Immunohistochemical staining. The paraffin-embedded pancreatic tumors were cut and mounted on slides and then washed in PBS. The slides were blocked with protein block solution (DakoCytomation, Denmark) for 20 min and incubated overnight with rabbit polyclonal anti-human p65 (1:100). After the incubation, the slides were washed and incubated with biotinylated link universal antiserum followed by horseradish peroxidase-streptavidin conjugate (LSAB+ kit). The slides were rinsed, and color was developed using 3,3-diaminobenzidine hydrochloride as chromogen. Finally, sections were rinsed in distilled water, counterstained with Mayer's hematoxylin, and mounted with DPX mounting medium for evaluation. To evaluate NF-κB activation in the Panc-1 pancreatic cancer cells, the number of nuclear p65-positive cells was counted in three randomly selected high-power fields (×400).
Statistics. Statistical analysis was performed with statview-J5.0 software. Results are expressed as mean±SE. P<0.05 was considered to be significant.
Results
Effect of nafamostat mesilate on gemcitabine-induced NF- κB activity. The NF-κB DNA-binding activity in the nuclear extracts from the Panc-1 cells was investigated by EMSA. Nafamostat mesilate inhibited the NF-κB activation that is constitutively activated in Panc-1 cells (Figure 1a). Gemcitabine induced NF-κB activation and the maximum levels were observed 3 hours after the treatment (Figure 1b). Nafamostat mesilate effectively inhibited the gemcitabine-induced NF-κB activation (Figure 1c).
Effect of gemcitabine with nafamostat mesilate on apoptosis in Panc-1 cells. The effect of combination treatment with gemcitabine and nafamostat mesilate on apoptosis (sub G0/G1 phase) was assessed by flow cytometry. The largest percentage of the population in the sub G0/G1 phase was observed in the gemcitabine/nafamosat mesilate group (control 7.82%; gemcitabine 11.27%; gemcitabine/nafamostat mesilate 14.56%), suggesting that nafamostat mesilate enhanced apoptosis by gemcitabine (Figure 2).
Effect of combination treatment in vivo on pancreatic cancer tumors. In comparison with the control, the combination treatment suppressed tumor growth significantly (p<0.05). On the other hand, while gemcitabine alone reduced the tumor size, the difference from the controls was not significant (Figure 3).
Effect of nafamostat mesilate on NF-κB activation in vivo. Since the localization of NF-κB in the tumor cells reflects NF-κB activity, the localization of p65, a subunit of its was investigating by immunohistochemistry. Nafamostat mesilate induced reduced nuclear translocation of p65 (Figure 4a,b), suggesting that nafamostat mesilate also inhibited gemcitabine-induced NF-κB activation of pancreatic cancer cells in vivo .
Effect of nafamostat mesilate on gemcitabine-induced body weight loss.
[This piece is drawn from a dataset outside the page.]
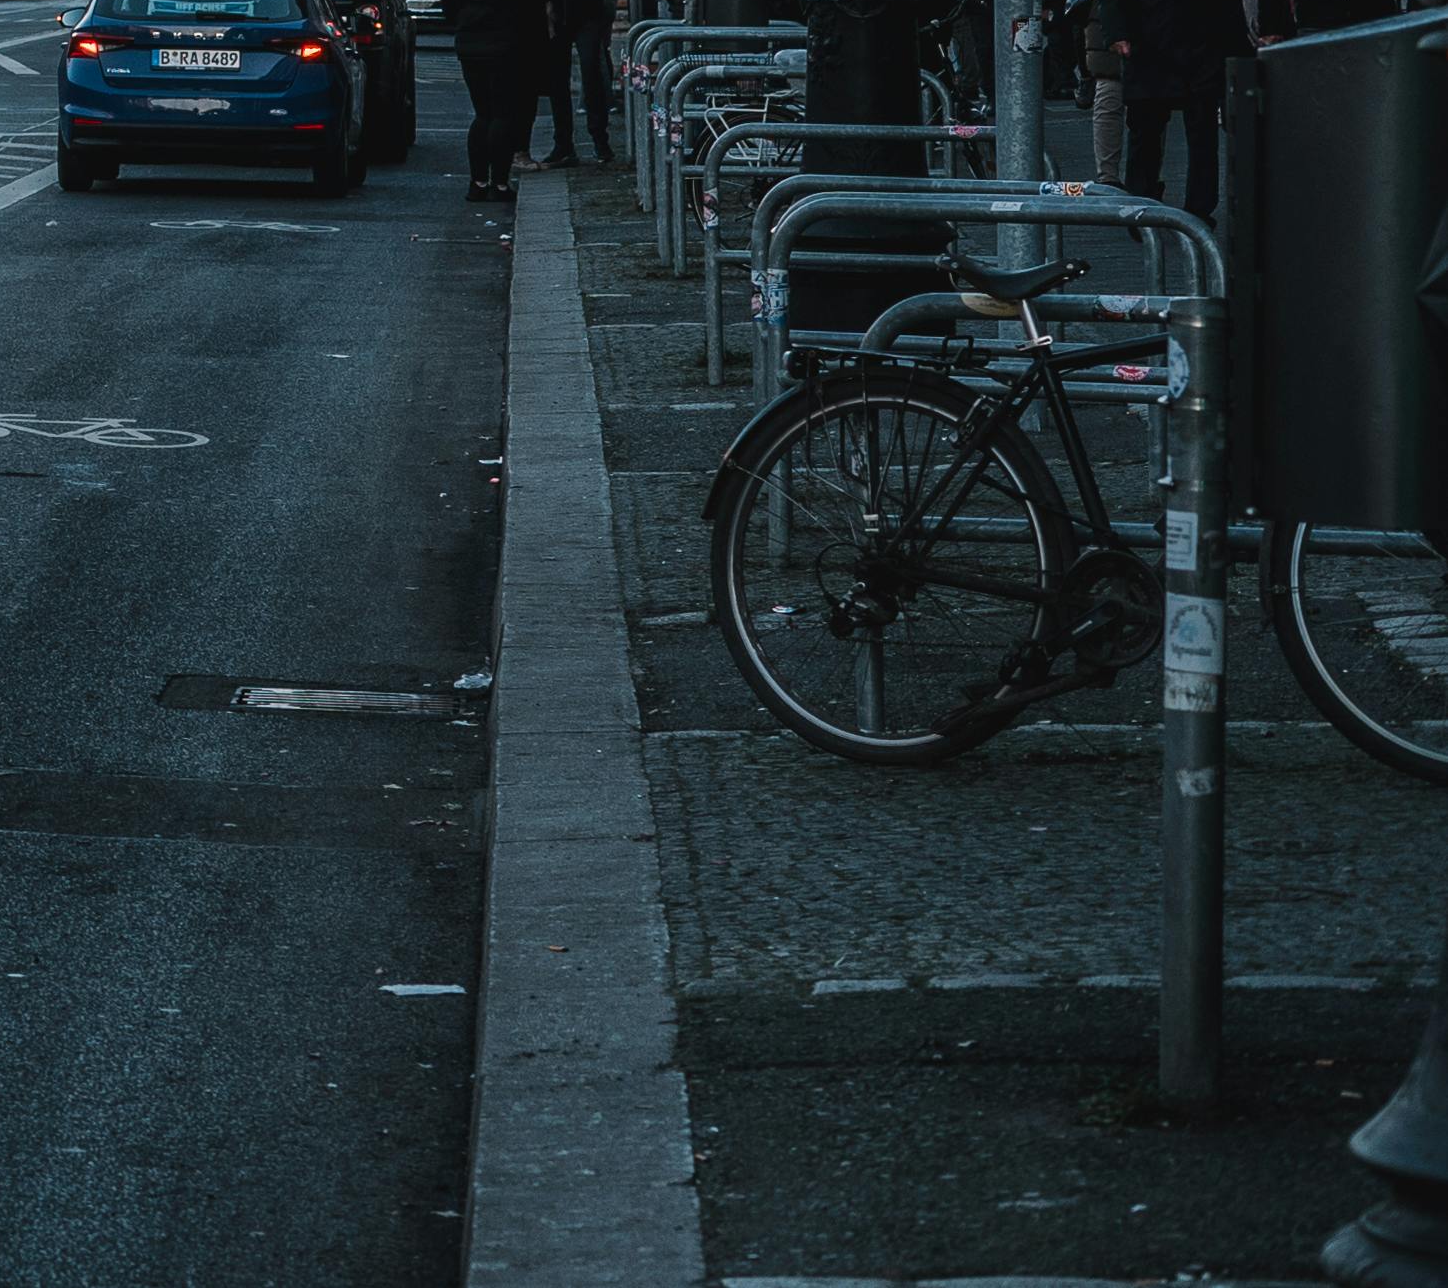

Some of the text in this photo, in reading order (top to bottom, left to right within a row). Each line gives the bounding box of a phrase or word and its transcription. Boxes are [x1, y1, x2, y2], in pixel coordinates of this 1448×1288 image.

[161, 51, 238, 66] B RA 8489
Interestingly, gemcitabine induced significant body weight loss in comparison with the other two groups (Figure 5). No significant difference was observed between the control and the combination treatment. However, the tumor weight in the control group also increased (Figure 3). These results suggested that nafamostat mesilate has the potential to improve malnutritional induced by gemcitabine or pancreatic cancer.
Discussion
Gemicitabine is characterized by a mechanism of action which includes cytotoxic self-potentiation, masked DNA chain termination and potent inhibition of DNA repair, and the induction of apoptosis in pancreatic cancer cells (20). At the same time, however, gemcitabine also induces NF-κB activation.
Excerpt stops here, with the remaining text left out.